Noch einen Tag vor der Abstimmung in der Rechtskommission appellierte der Schweizerische Evangelische Kirchenbund (SEK) an den Ständerat, den Gegenentwurf zur Konzernverantwortungsinitiative (KoVi) anzunehmen. Ratspräsident Gottfried Locher stellte in dem Schreiben an die Parlamentarier heraus: «Die Wirtschaft soll dem Menschen dienen. Deshalb wird der Kirchenbund immer seine Stimme erheben, um die Schweiz an ihre Verantwortung für die Menschen im globalen Süden zu erinnern.»
Ständerat blockiert Gegenvorschlag
Die Rechtskommission hat die Signale von Kirche und Zivilgesellschaft aufgenommen und will mit der Annahme des Gegenvorschlags erreichen, dass die KoVi zurückgezogen wird. Ob der Ständerat indes seiner Kommission folgen wird, ist völlig offen. Denn bereits im Frühjahr wollte der Ständerat trotz günstiger Umfragewerte für die KoVi den Abstimmungskampf riskieren und lehnte den Gegenvorschlag ab. Der Haupttenor der ablehnenden Mehrheit: Auch der Gegenvorschlag werde die Schweiz zum Mekka für die «internationale Klageindustrie» machen.

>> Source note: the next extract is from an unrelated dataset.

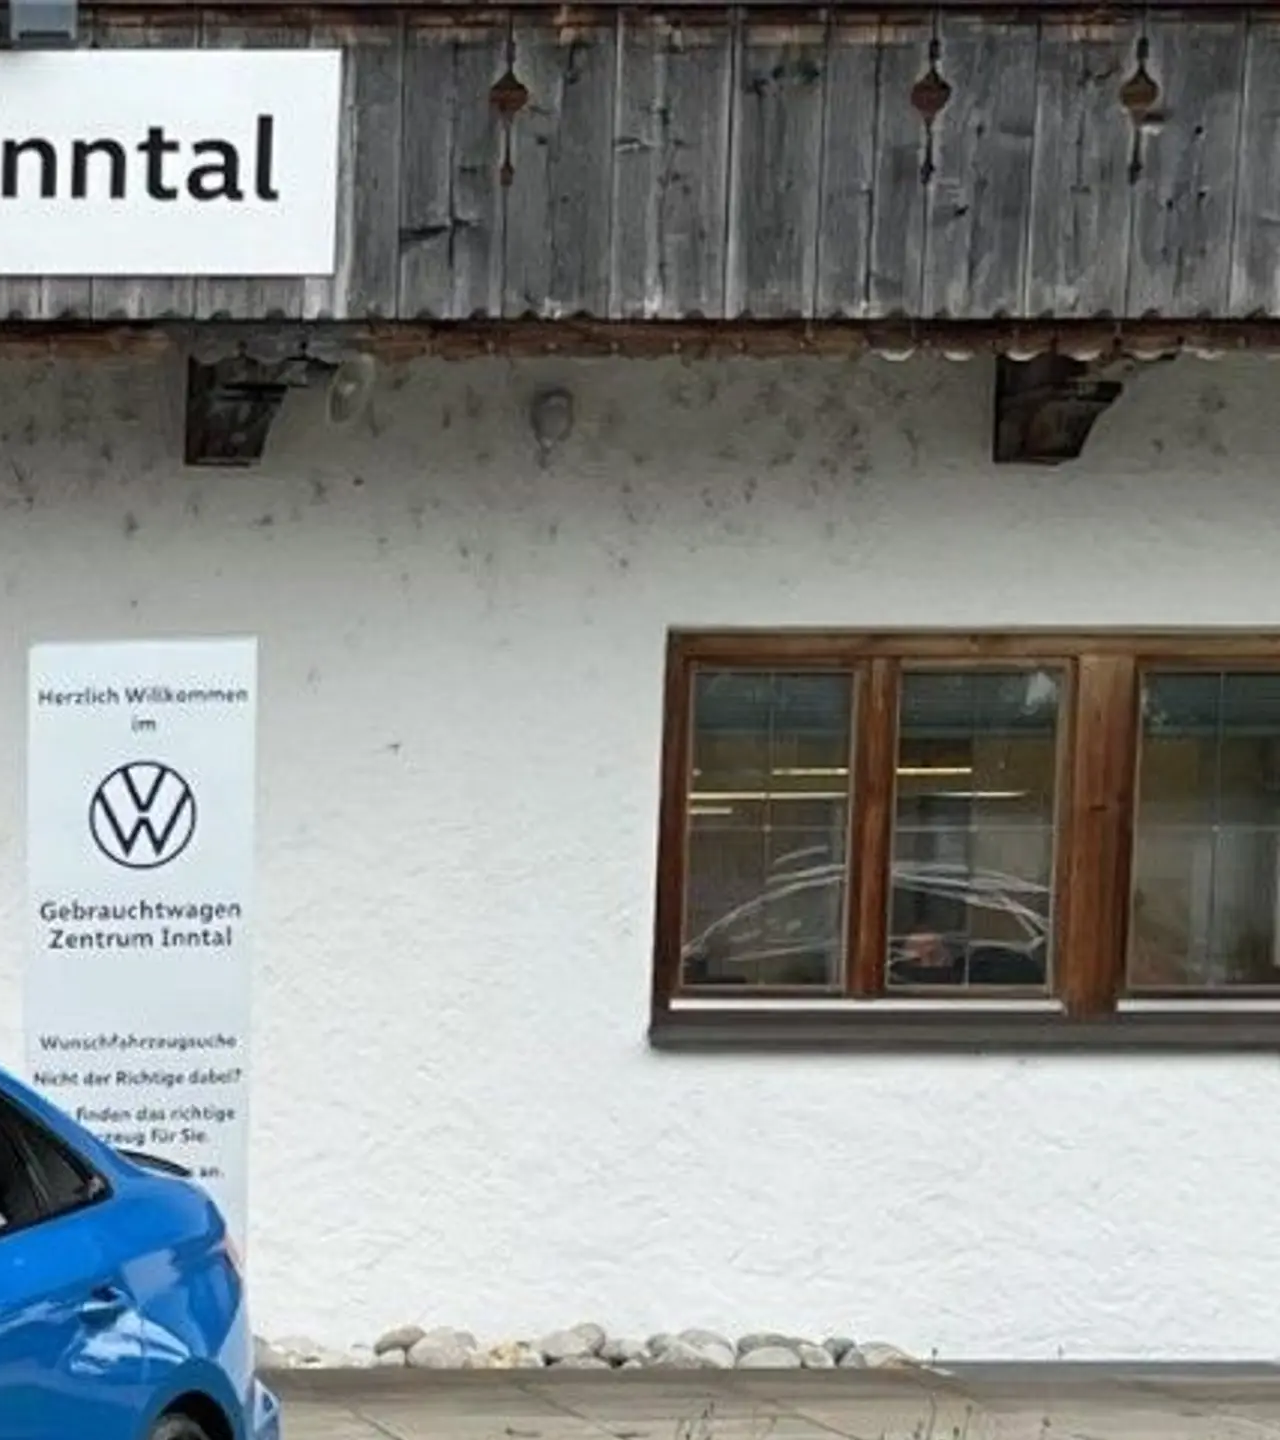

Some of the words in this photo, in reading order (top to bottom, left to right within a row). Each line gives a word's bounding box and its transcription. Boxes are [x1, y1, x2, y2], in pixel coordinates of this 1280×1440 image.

Für die Initianten ist dagegen klar: Trotz der Abstriche, die der Gegenvorschlag an der ursprünglichen Vorlage macht, würden sie die Initiative zurückziehen. So sagt beispielsweise Stephan Tschirren vom reformierten Hilfswerk Brot für alle (Bfa), dass der bereits 2018 vom Nationalrat verabschiedete Gegenvorschlag «ein griffiges, sofort wirksames Rechtsmittel» sei.
Alternative Aktienrecht
Juristisch soll die Konzernverantwortung im Aktienrecht verankert werden. Im Gegensatz zur Initiative sollen nur Konzerne mit mehr als 500 Mitarbeitende in die Pflicht genommen werden. Weiter ist die Haftungspflicht der Konzerne für ihre ausländischen Töchterfirmen im Gegenvorschlag enger als von den Initianten gefasst. Sie beschränkt sich ausschliesslich auf Verletzungen von Leib und Leben oder Eigentum.
Wichtig ist den130 Organisationen aus Kirchen, Menschenrechtsorganisationen, Hilfswerken und Gewerkschaften, welche die Initiative lanciert haben, dass die Haftungspflicht für die Grosskonzerne gesetzlich festgeschrieben wird. Auch das SEK hält in seinem Schreiben fest, dass die Haftungsfrage nicht ausgeklammert werden kann. Der Minderheit in der Rechtskommission ging es genau darum, diesen Passus herauszustreichen. Für sie reicht es, ähnlich wie dem Bundesrat, wenn im Aktienrecht ausschliesslich die Sorgfaltsprüfung und Berichterstattung verankert werden.
Was der KoVi bisher gute Umfragewerte bescherte, sind die Negativ-Meldungen von Rohstoffhändlern und Bergbau-Konsortien wie beispielsweise des im steuergünstigen Baar (ZG) domizilierten Glencore-Konzern. Schlagzeilen von dreckigem Gold, Landvertreibungen für neue Minen und verschmutzte Flüsse durch den Bergbau werden von dem sonst eher wirtschaftsfreundlich eingestellten Publikum nicht goutiert.